Fig. 6, Fig. 7 and Fig. 8 are referred to, Fig. 6 is the structural representation for the cold part 110 of liquid that the utility model preferred embodiment provides
Figure, Fig. 7 be the utility model preferred embodiment provide the first heat-conducting piece 122 structural representation, Fig. 8 be the utility model compared with
The structural representation for the second heat-conducting piece 124 that good embodiment provides.
In the present embodiment, the cold part 110 of the liquid is arranged to undulate structure, can effectively increase the cold part 110 of liquid and electricity
The contact area of pond module 200, improve radiating efficiency.
In the present embodiment, the shape and structure set according to the cold part 110 of the liquid, first heat-conducting piece 122 and second
Heat-conducting piece 124 may be configured as waveform platy structure, to increase first heat-conducting piece 122 and the battery submodule group 210
Contact area, and the contact area of increase second heat-conducting piece 124 and the cold part 110 of the liquid.

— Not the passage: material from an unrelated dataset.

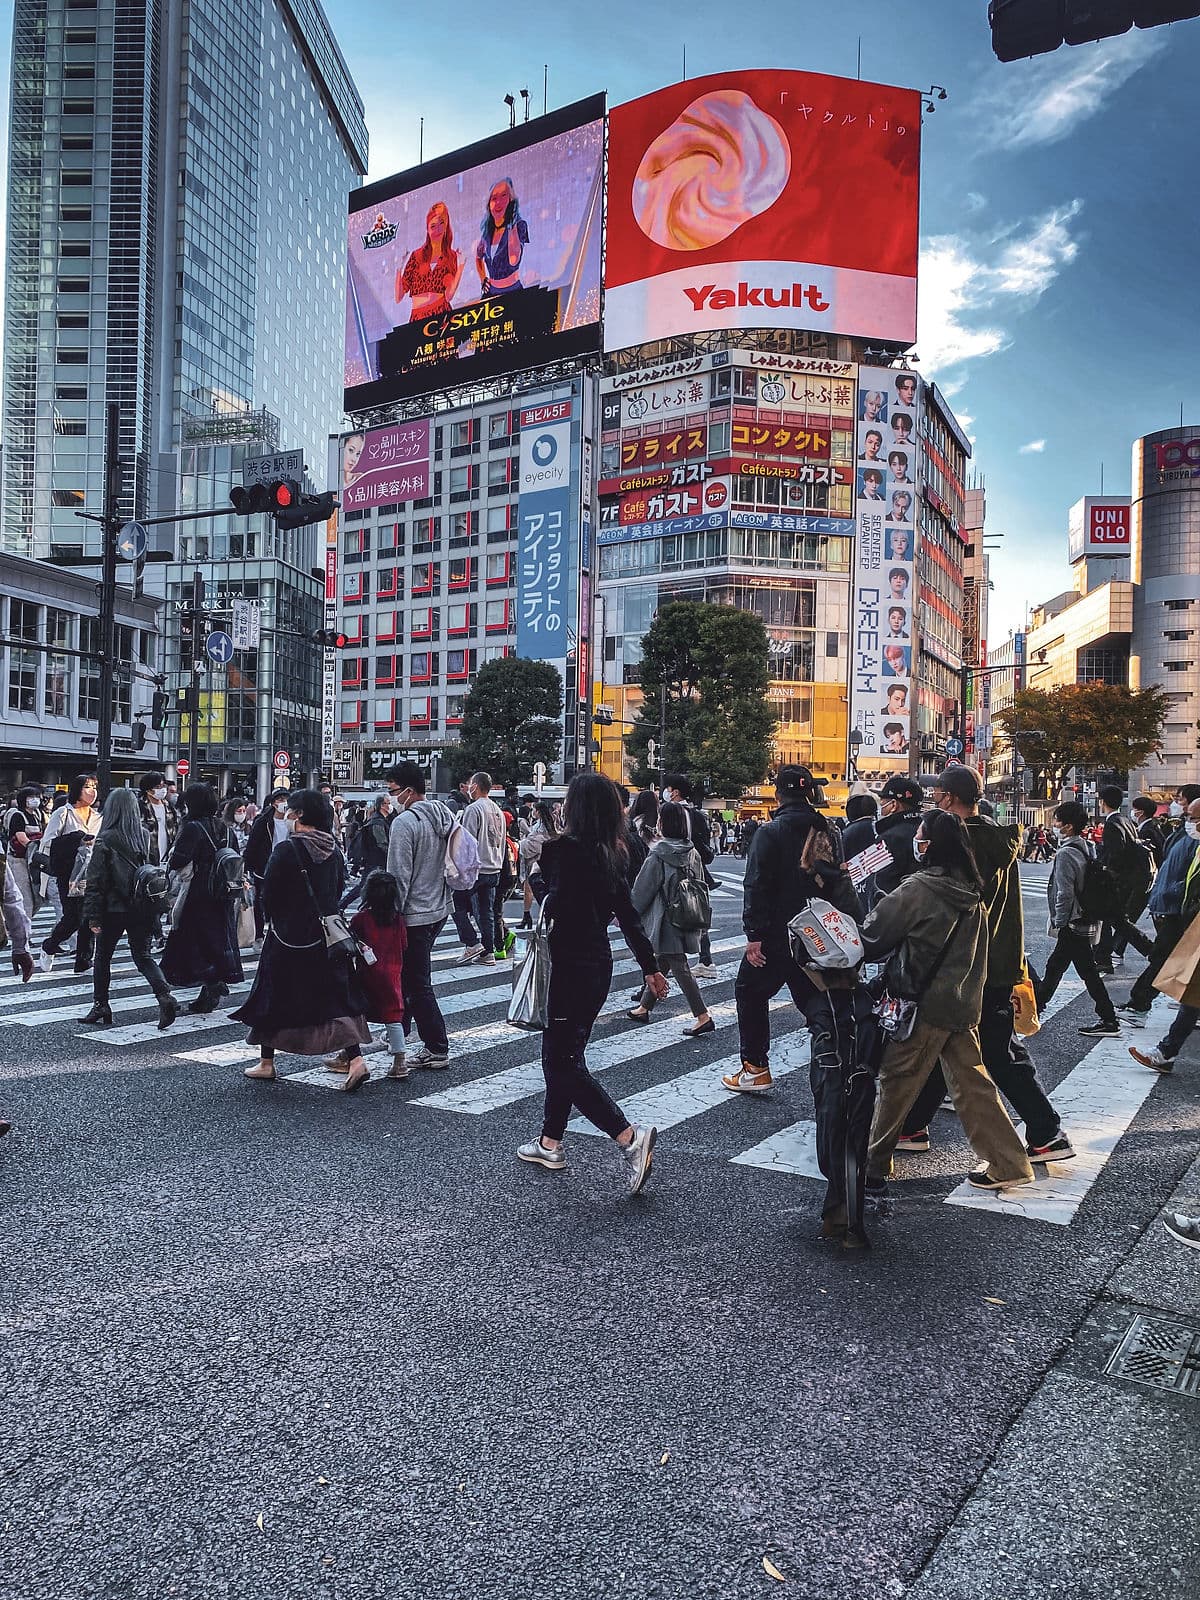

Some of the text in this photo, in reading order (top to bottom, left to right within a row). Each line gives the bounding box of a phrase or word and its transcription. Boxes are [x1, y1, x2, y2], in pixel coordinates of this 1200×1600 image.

The utility model preferred embodiment also provides a kind of automobile, and the automobile includes engine and above-mentioned power-supply system
10.The power-supply system 10 is electrically connected with engine, and the power-supply system 10 provides electric energy to the engine, described to start
Machine converts electrical energy into mechanical energy and drives the motor racing.
In summary, the utility model preferred embodiment provides a kind of power-supply system and automobile.The power-supply system includes
Battery modules and the heat-transfer device for being regulated and controled to the temperature of the battery modules.The battery modules include multilayer by more
The battery submodule group that individual battery core laid out in parallel is formed.The heat-transfer device includes:The cold part of liquid and heat-conductive assembly.The cold part of liquid is set
Put between adjacent battery submodule group, the cold part of liquid is towards being provided with the heat conduction group on the side of the battery submodule group
Part, the heat-conductive assembly and the sub- module contact of the battery, the heat-conductive assembly are used in the battery submodule group and the liquid
Heat transfer is carried out between cold part.
Thus, by setting heat-transfer device, the temperature difference between multiple battery cores in battery modules can be carried out effective
Control, it can effectively extend the service life of battery modules.
Preferred embodiment of the present utility model is the foregoing is only, is not limited to the utility model, for this
For the technical staff in field, the utility model can have various modifications and variations.It is all in the spirit and principles of the utility model
Within, any modification, equivalent substitution and improvements made etc., it should be included within the scope of protection of the utility model.